A WISE and experienced Republican leader was musing the other day about what would be best for his party. Ideally, he said, the candidate would be wearing a genuine Old South plantation hat. Since no such person is presently on the list of Republican availables the next best thing, he said, would be a cowboy hat genuine enough to convince Texas. This explains why Senator Paul Laxalt of Nevada put himself, or was brought, into play the other day. It also explains why the conservative wing of the party has been careful not to break with Vice-president George Bush.

Add that it also explains why Sam Nunn of Georgia continues to be the most discussed possible candidate among Democrats. Senator Nunn does not wear a plantation hat, but he comes from Georgia. He has a moderate but unmistakable ``southern'' accent. He is a bona fide southern politician and one highly respected throughout the states of the Old Confederacy.

Geography is still important in American politics. True, a highly popular individual can manipulate the primary system to overcome regional factors. It is possible, at least in theory, to build a national constituency on a narrow regional base.

But at the very foundation of the American political system there are today three main geographic areas with special regional interests and sets of likes and dislikes. He who can bring two of those three together against the third, has a big advantage.

The three are the industrial Northeast, the states of the Old Confederacy, and the Southwest or Sunbelt, which largely means Texas and California.

Our political parties of today descend from a remarkable ``deal'' made in 1791 between the Virginia aristrocacy and New York's Tammany Hall; specifically by Thomas Jefferson and James Madison from Virginia and Gov. George Clinton of New York. This remarkable alliance between the Old South and the big city machine of the North set a pattern. Historian Samuel Eliot Morison notes that ``Until 1964 the `solid south,' Tammany Hall, and other big-city political machines have been the principal supporters of the Democratic Party.''

Until the 1960s. In 1968 Richard Nixon put together a new political alignment of the regions. He broke into the ``Old South,'' tore it away from its ancient moorings, and forged a new coalition that melded the Old South with the Southwest. The Nixon/Reagan political machine was born.

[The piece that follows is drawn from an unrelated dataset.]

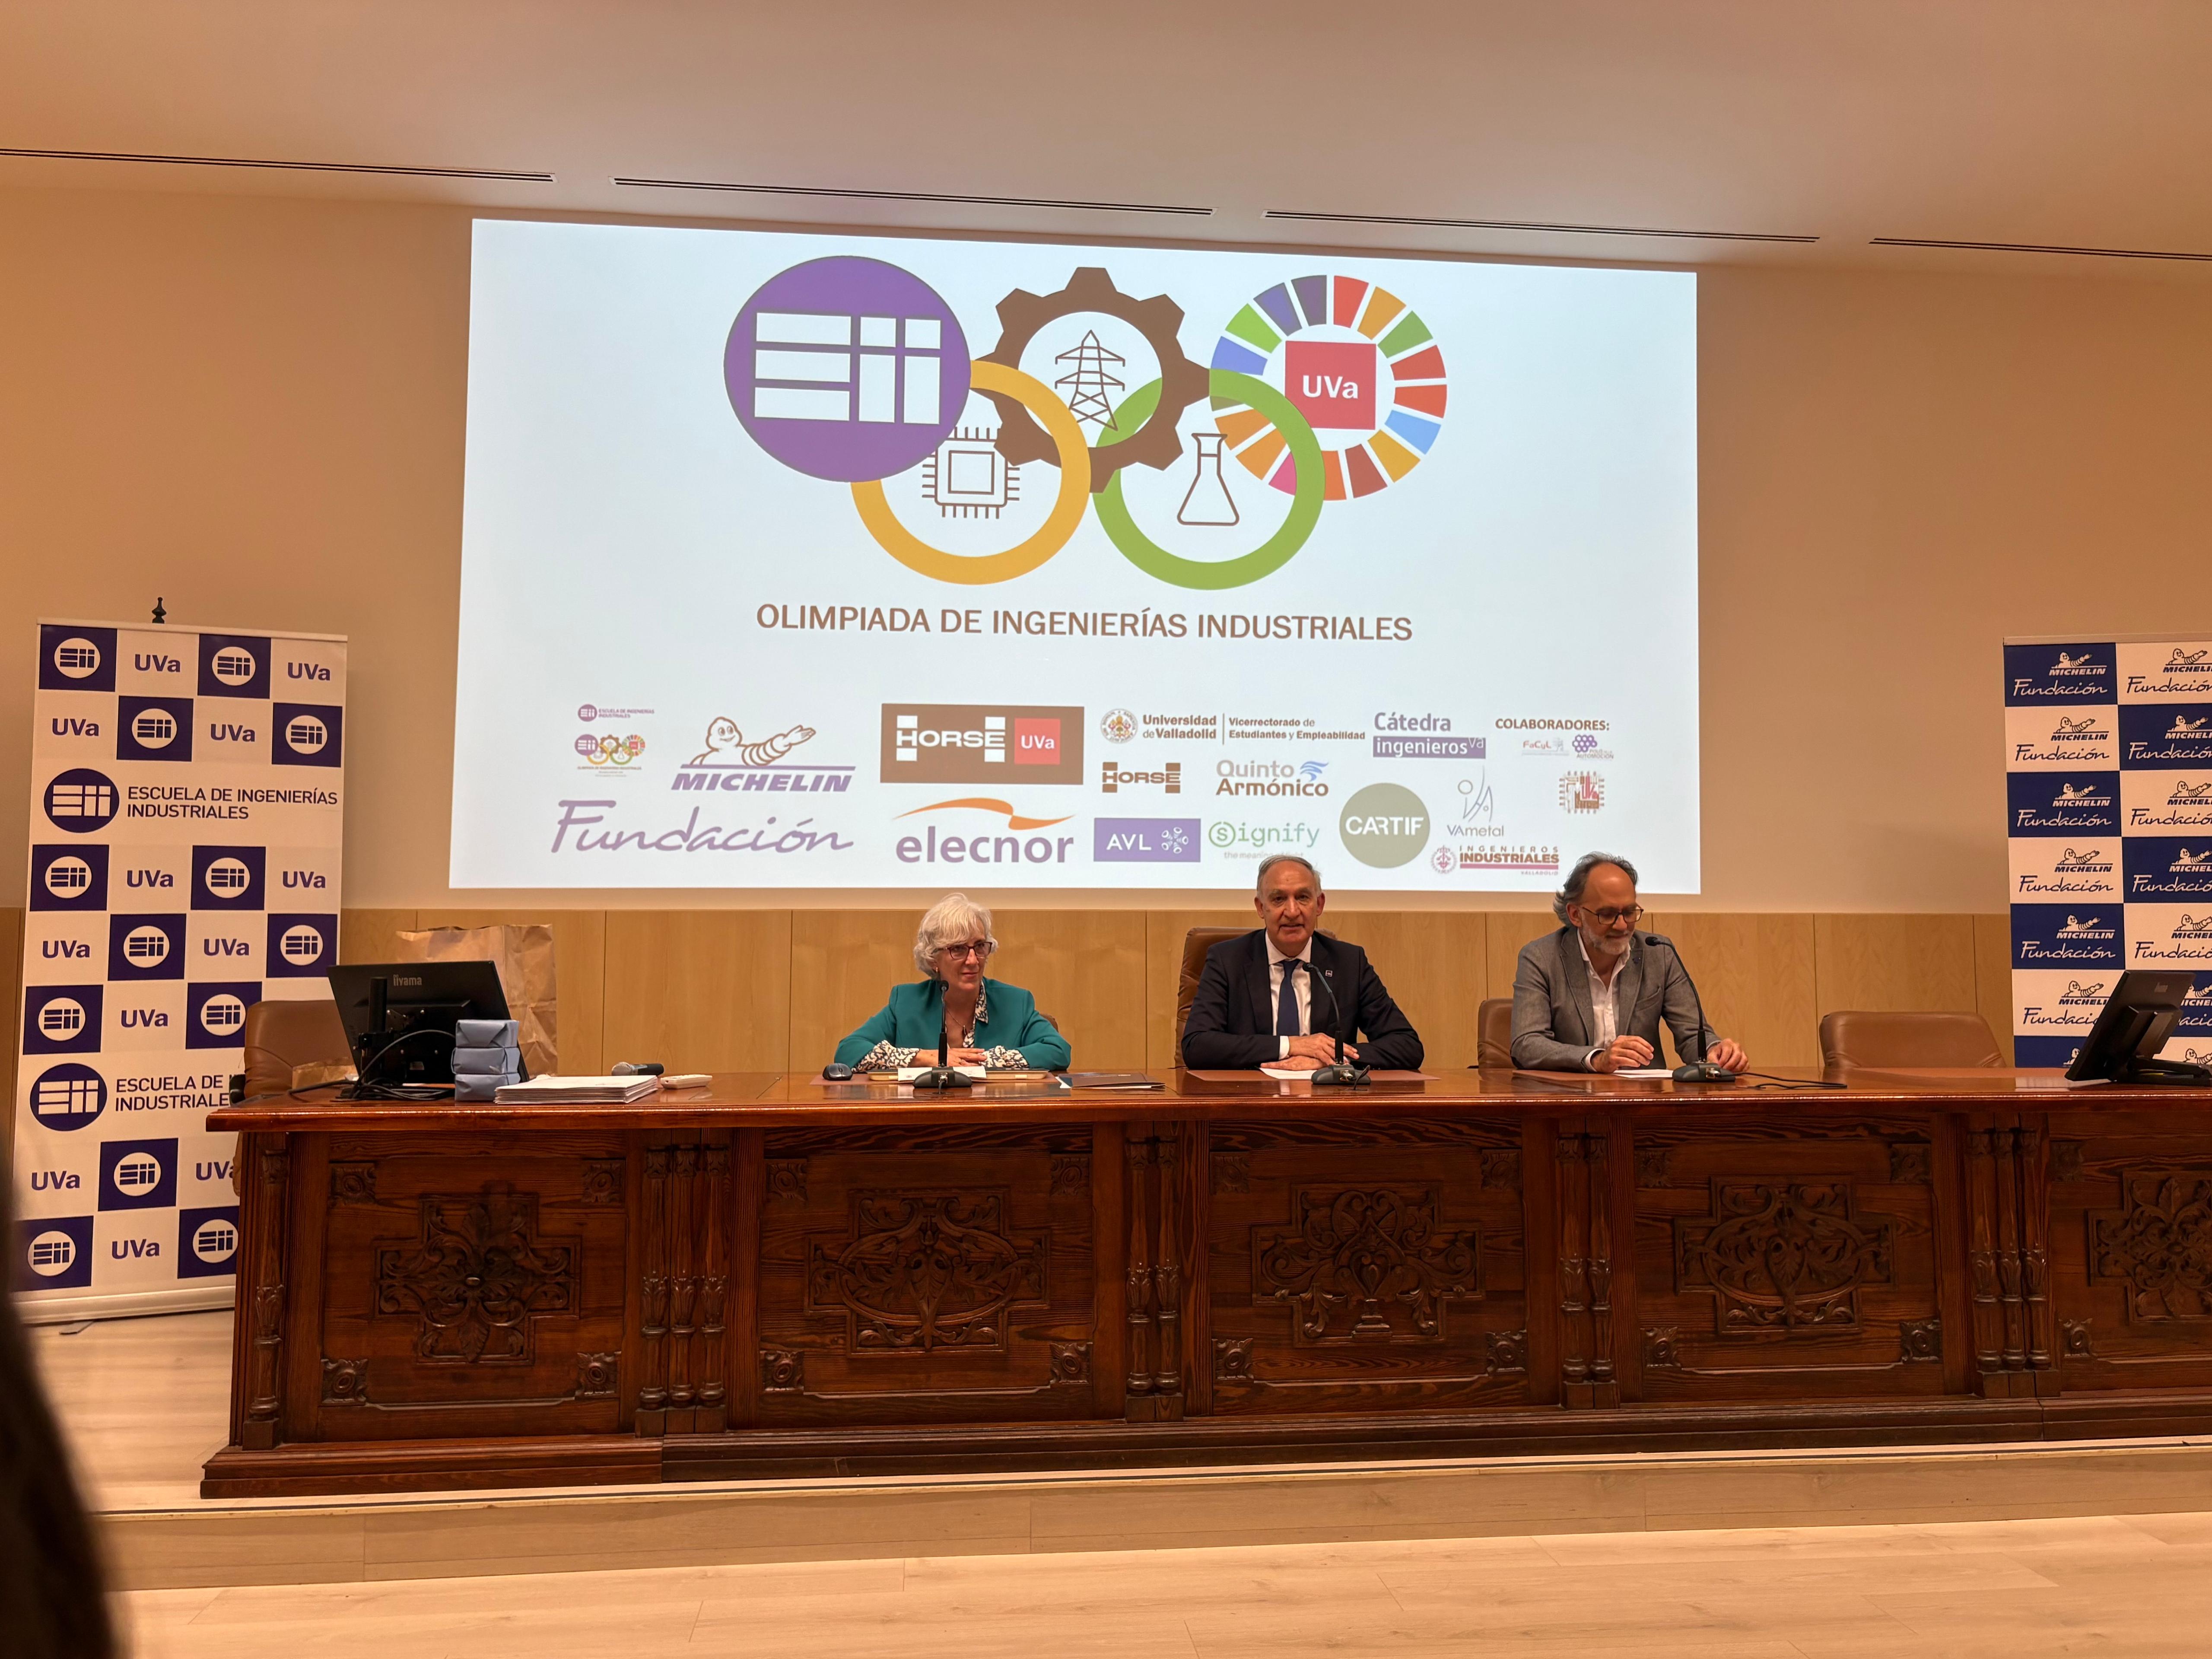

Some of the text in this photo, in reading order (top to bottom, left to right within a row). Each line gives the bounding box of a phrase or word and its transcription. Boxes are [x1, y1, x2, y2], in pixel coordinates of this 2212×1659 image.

This is the framework within which leaders of both major United States parties are now maneuvering. The key question is whether the Republicans can hang on to the combination of Southwest and Old South. The truly ideal ticket for them would be a plantation hat alongside a cowboy hat.

For Democrats the ideal would be the plantation hat alongside the labor unions of the Northeast.

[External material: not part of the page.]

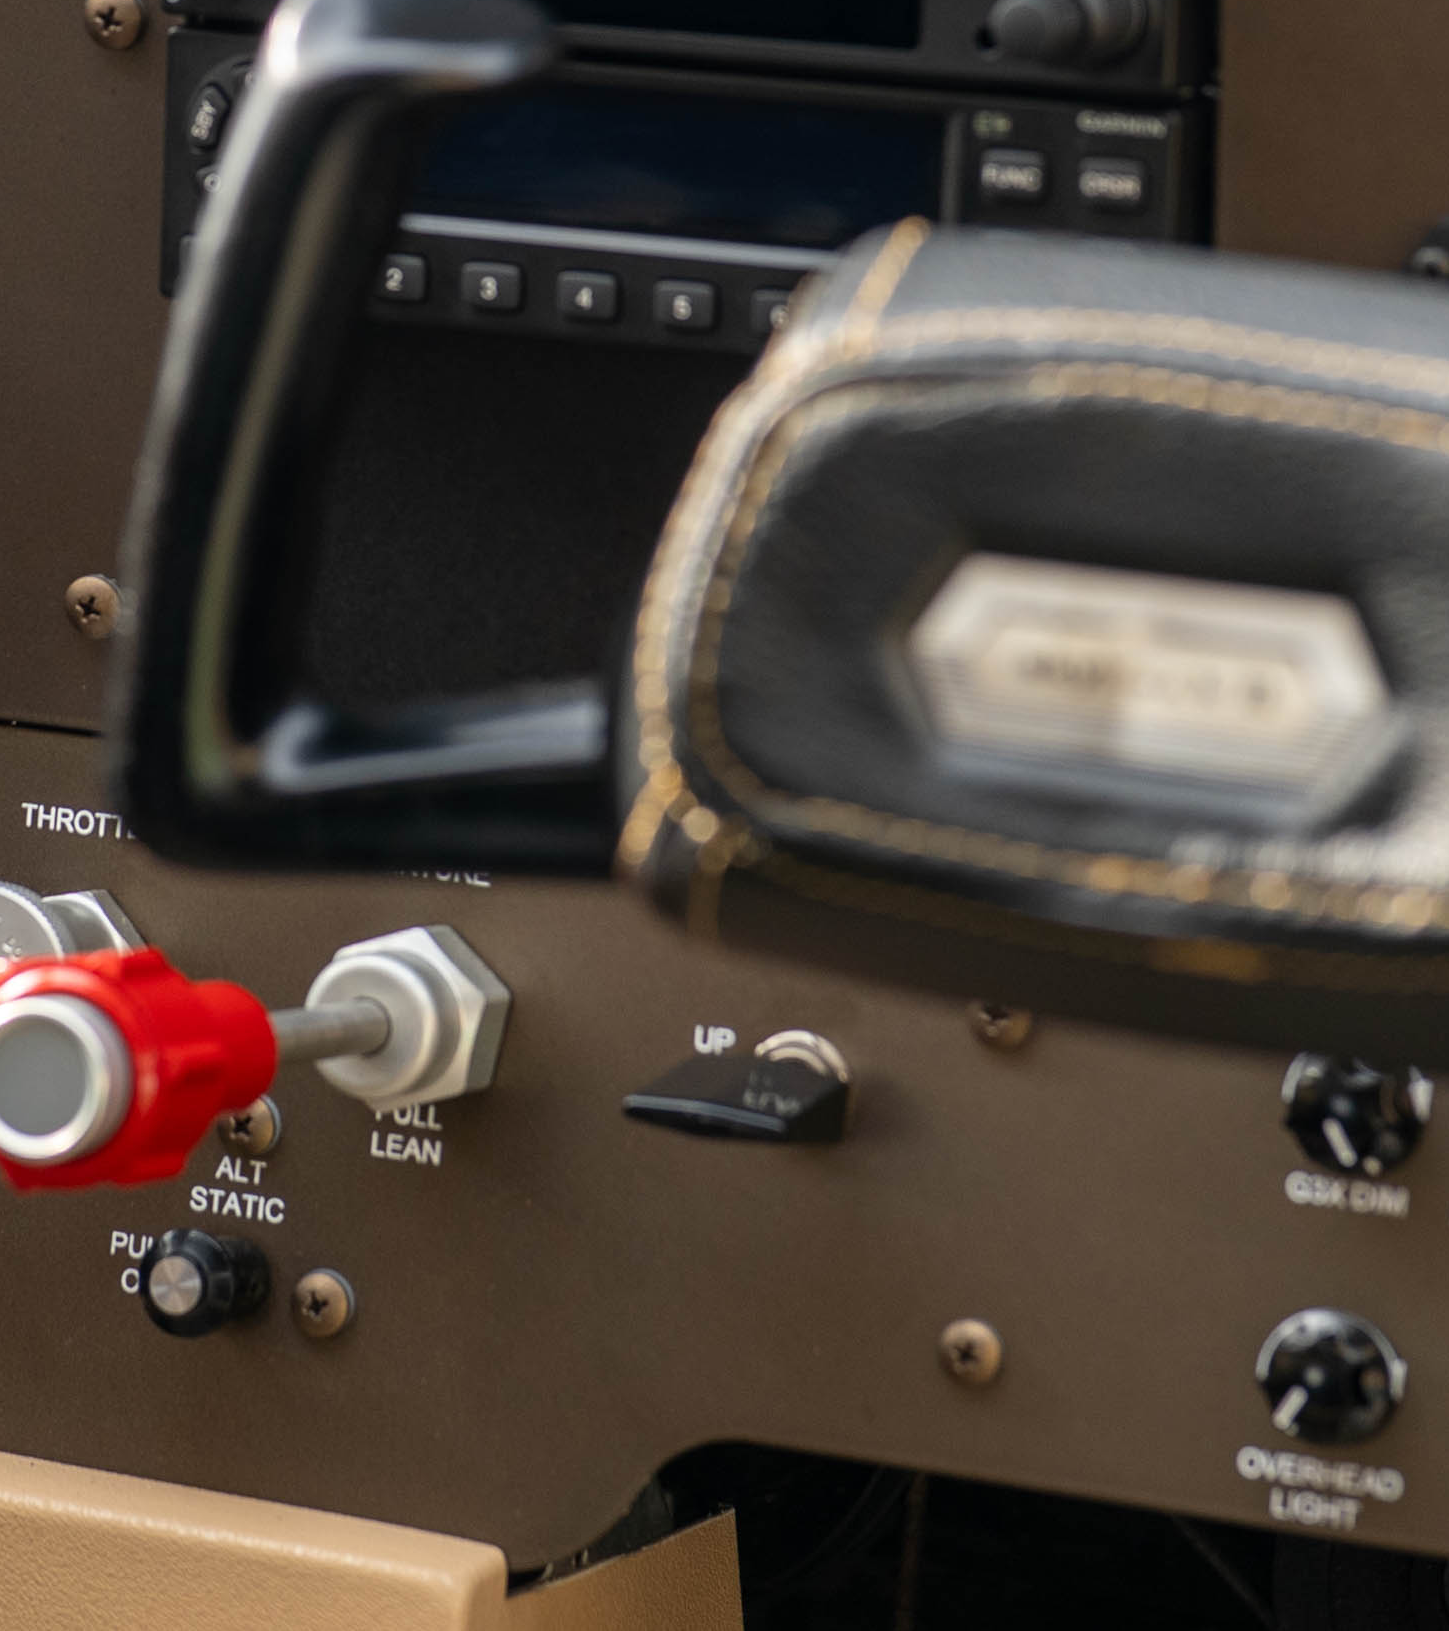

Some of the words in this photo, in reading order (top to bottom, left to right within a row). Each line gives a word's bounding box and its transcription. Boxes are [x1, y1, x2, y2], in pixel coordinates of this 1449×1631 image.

Paul Laxalt wears a genuine cowboy hat. George Bush's hat is cowboy all right, although not worn with quite the same conviction.

The Democrats must have a southerner on their ticket to have a serious chance of winning. John F. Kennedy won, but only because he had Lyndon Johnson as his running mate. Without Johnson, Kennedy would have lost.

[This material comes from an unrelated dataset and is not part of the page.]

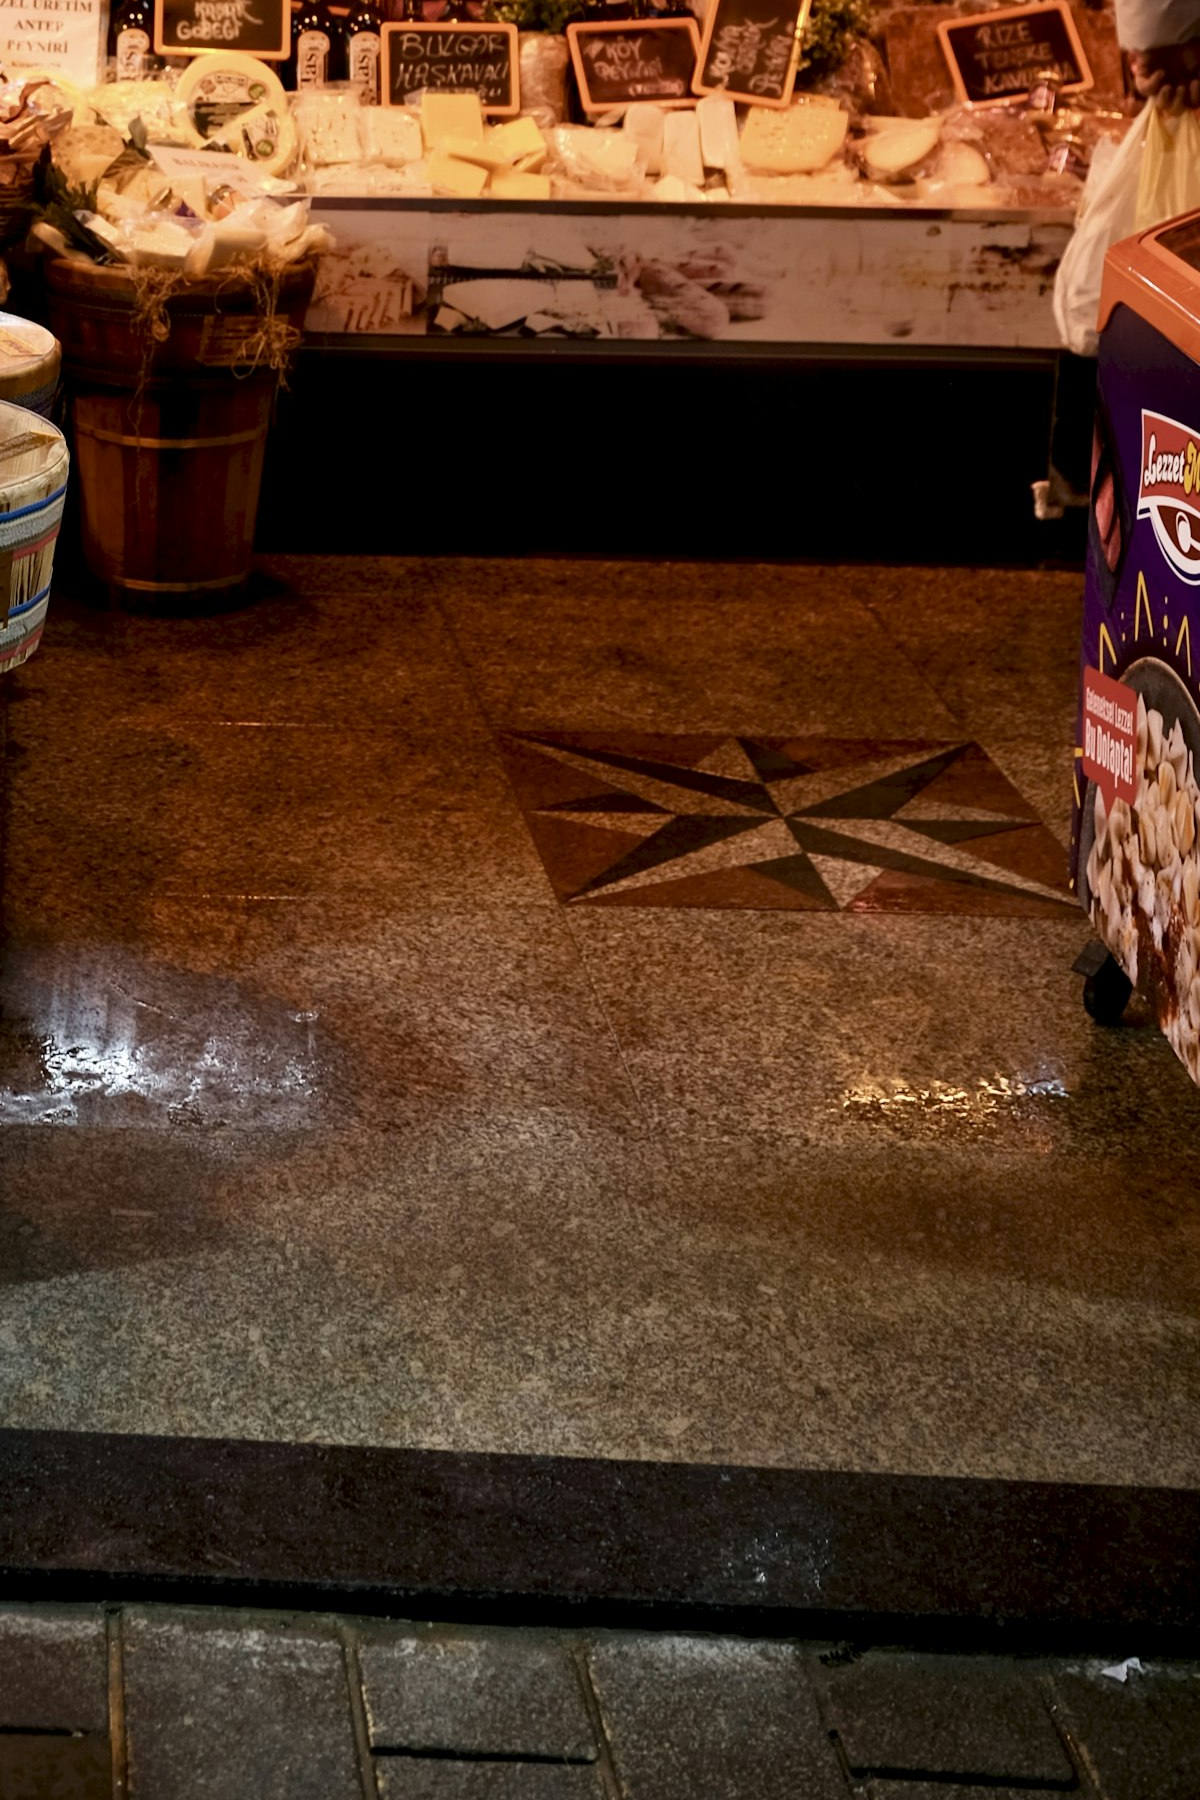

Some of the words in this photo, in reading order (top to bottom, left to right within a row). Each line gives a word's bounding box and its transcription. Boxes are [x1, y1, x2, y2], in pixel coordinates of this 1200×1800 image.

There is much talk among Democrats of Mario Cuomo of New York or Michael Dukakis of Massachusetts or Joe Biden of Delaware, or an upstanding basketball player from New Jersey named Bill Bradley. But the Democrats will carry Boston and New York, Newark and Buffalo, Detroit and Chicago, without any candidate from the Northeast on the ticket. They cannot carry the country without the Old South.

And the Republicans. If only Sam Nunn were a Republican. Their perfect ticket would be Nunn from Georgia and Dole from Kansas. They can't have Sam Nunn. They can have Bob Dole, or Bush, or Laxalt - all from the West or Southwest.

The big question about 1988 is whether the Republicans can hold the Old South. Will the Nixon strategy still work?